▶ WHAT YOU SHOULD DO
Give back every entry exactly; drop the pictures.

▶ TASK DATA
------------------------

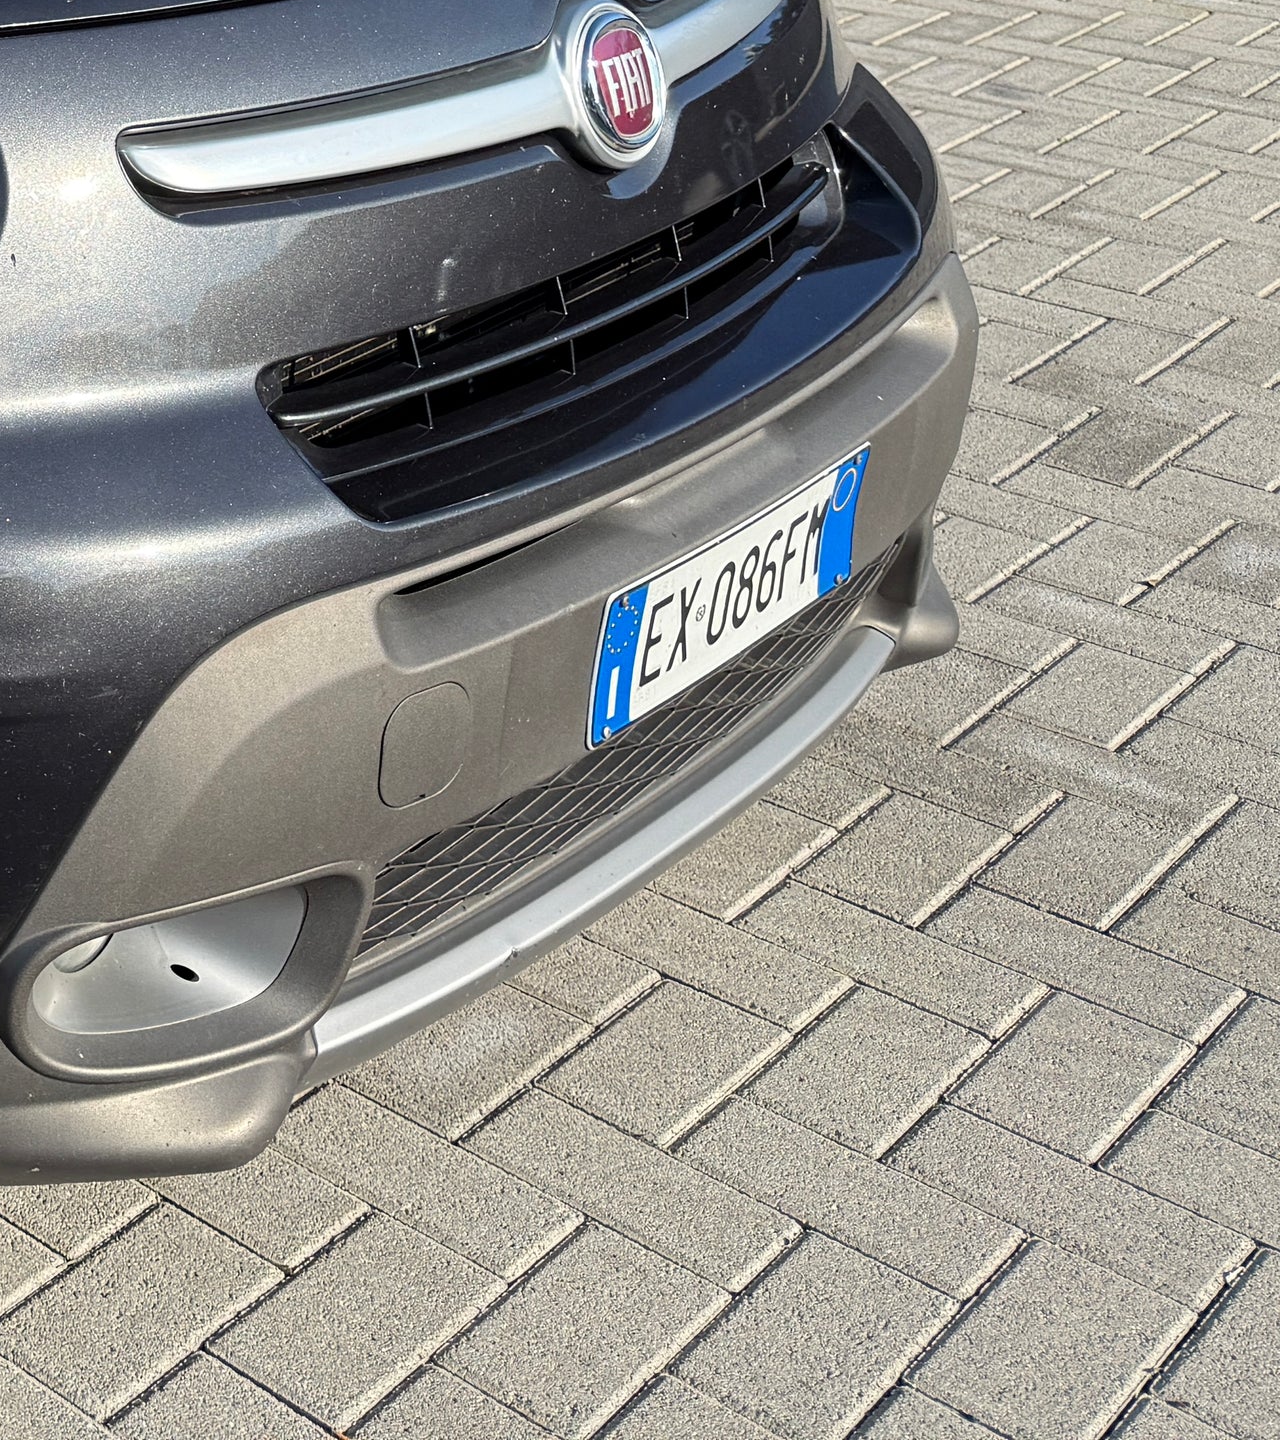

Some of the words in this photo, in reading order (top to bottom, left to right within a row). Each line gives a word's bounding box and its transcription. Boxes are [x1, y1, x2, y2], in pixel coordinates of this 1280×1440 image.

[601, 47, 651, 118] FIAT
[606, 665, 621, 720] I
[639, 577, 702, 687] EX
[706, 495, 832, 646] 086FM

------------------------

▶ WRITTEN ANSWER
Some of the words in this photo, in reading order (top to bottom, left to right within a row). Each line gives a word's bounding box and its transcription. Boxes are [x1, y1, x2, y2], in pixel coordinates of this 1280×1440 image.

[601, 47, 651, 118] FIAT
[606, 665, 621, 720] I
[639, 577, 702, 687] EX
[706, 495, 832, 646] 086FM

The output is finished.